Nat Hentoff: The Day They Came to Arrest the Book


Nat Hentoff was born in Boston, Massachusetts and graduated at Northeastern University and Harvard, but also studied in Paris. At the moment he is a writer for two American newspapers and has been acclaimed for his essays concerning civil liberties and jazz.

One of his most famous books, The Day They Came to Arrest the Book, was written and published in the United States in 1982.


The story is set in a normal High School called George Mason High School and it's September, the beginning of a new school year. In their first History lesson Nora Baines, their teacher, hands out a book list with some historical important books, also including Huckleberry Finn by Mark Twain, which she wants them to read as a background for her teaching.

Only one week later a father of one of her pupils, Mr. McLean, who is black, has a meeting with the school's principal Mr. Moore, because he is shocked at the fact that his son has to read a book, including a lot of racist words like "nigger". A word which has been a common term at Twain's time. He wants the principal to ban the book at once and to keep it away from every single child at George Mason High because he and all other black people would feel offended. Moore, who only wants a peaceful solution tells him that he will talk with the teacher and the (new) librarian and will order a "censorship", even this is not the word he exactly uses. After this incident he does it, but Ms. Baines, the teacher, refuses to quit reading it in her class, because in her opinion it's only up to her what kind of books she uses in her lessons, specially if it is one, which has been used as school literature for years.



From now on, the school is split up in two: some worried parents, the principal and also a handful of pupils who want the book to be banned on the one side and Ms. Baines, the librarian Ms. Fitzgerald and the other pupils on the other one. Some of the parents also find out that the book isn't only racist, but also sexist and immoral, and start fighting for their rights.

At the first meeting of the school board decides a vote, that Huckleberry Finn has to be taken away from the library shelves and that it is not allowed to be taught again in regular lessons or read without the permission of the teacher and a parent.

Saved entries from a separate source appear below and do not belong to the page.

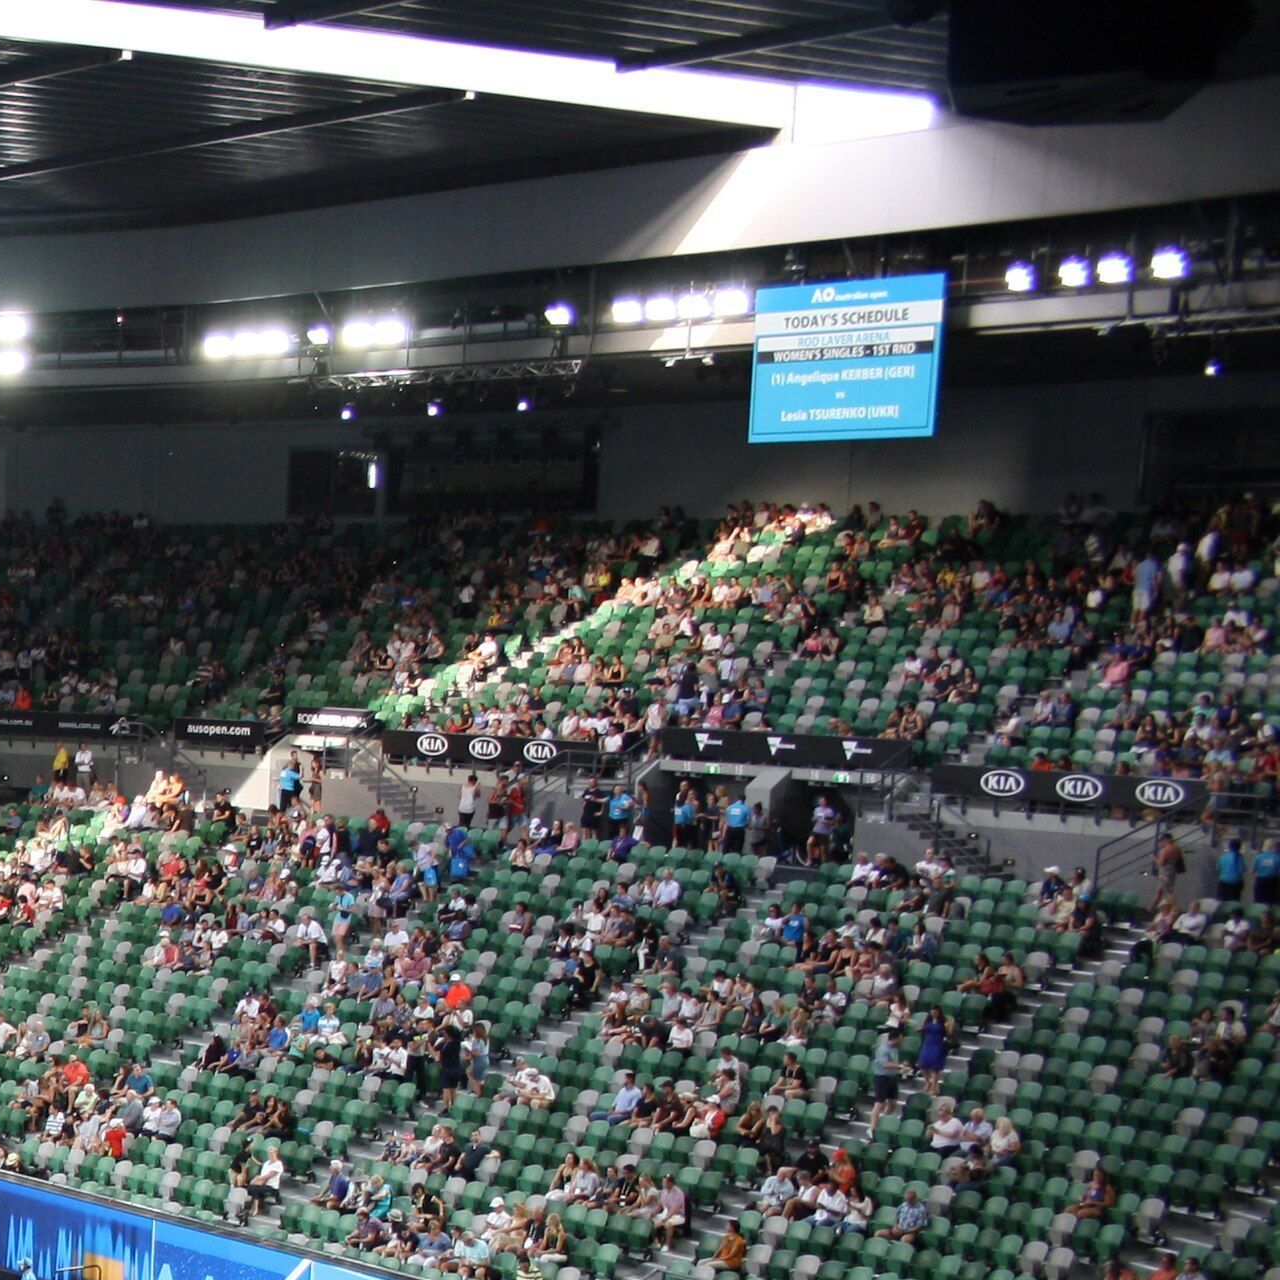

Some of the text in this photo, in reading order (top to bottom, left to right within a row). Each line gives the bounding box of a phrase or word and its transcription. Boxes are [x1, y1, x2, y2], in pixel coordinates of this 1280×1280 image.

[810, 286, 836, 304] AO
[783, 307, 910, 330] TODAY'S SCHEDULE
[797, 331, 890, 348] ROD LAVER ARENA
[773, 348, 822, 363] WOMEN'S
[822, 345, 865, 359] SINGLES
[871, 344, 890, 356] 1ST
[892, 342, 917, 354] RND
[786, 371, 840, 386] Angelique
[841, 367, 883, 381] KERBER
[835, 390, 846, 399] vs
[781, 409, 808, 422] Lesia
[809, 406, 867, 421] TSURENKO
[186, 723, 251, 737] ausopen.com
[421, 738, 443, 751] KIA
[474, 742, 496, 755] KIA
[529, 745, 551, 759] KIA
[987, 776, 1017, 790] KIA
[1063, 781, 1094, 796] KIA
[1143, 786, 1174, 802] KIA

Ms. Baines and the others are shocked and also the old librarian Mrs. Salters, who had left school shortly before and has not said why she had done so yet. She confides her secret to Barney, a boy who is pro-Huck-Finn, because she doesn't want to be silent anymore. She tells him, that Mr. Moore already wanted to ban a Charles Dickens book some time before. And when she confronted him with the fact that there are also immoral stories in the bible, he removed a chapter, because in his opinion he was neither able to ban the bible nor ban Dickens and ignore it. That was the reason why she left Mason High, because she couldn't accept things like that.

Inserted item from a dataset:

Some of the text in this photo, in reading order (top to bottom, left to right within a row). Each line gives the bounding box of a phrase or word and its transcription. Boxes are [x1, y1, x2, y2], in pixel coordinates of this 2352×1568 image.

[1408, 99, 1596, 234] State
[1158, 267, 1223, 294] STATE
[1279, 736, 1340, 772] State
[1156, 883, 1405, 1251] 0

Barney decides to write an article about that incident and to publish it in the school newspaper. He also sends a copy of it to the local news.

From that point, the whole town and also the whole country is interested in it and shocked of the facts. TV-teams are sent and everybody is interviewed, also Mr. Moore, who pretends that Mrs. Salters is a liar.

Some days later there's a new public meeting of the school board and a new vote.

And a black, silent boy, who hasn't said a lot before starts talking. He says that he has read the book and didn't feel offended because of the discriminating sentences, specially when you know the background. In his opinion is the best way to deal with lies to expose them, to get them out into the light.

That's somehow the key sentence of the book, because it says everything that has to be said concerning censorship in a few words.

Suddenly they decide 1:4 that the book may stay in school.




Censorship at American schools is really a topical issue, because Huckleberry Finn, Go Ask Alice and several other books, for example by Judy Blume have already been banned.

I personally think, that it is nonsense, because it's important to speak about problematic books and not to take them away without any comment.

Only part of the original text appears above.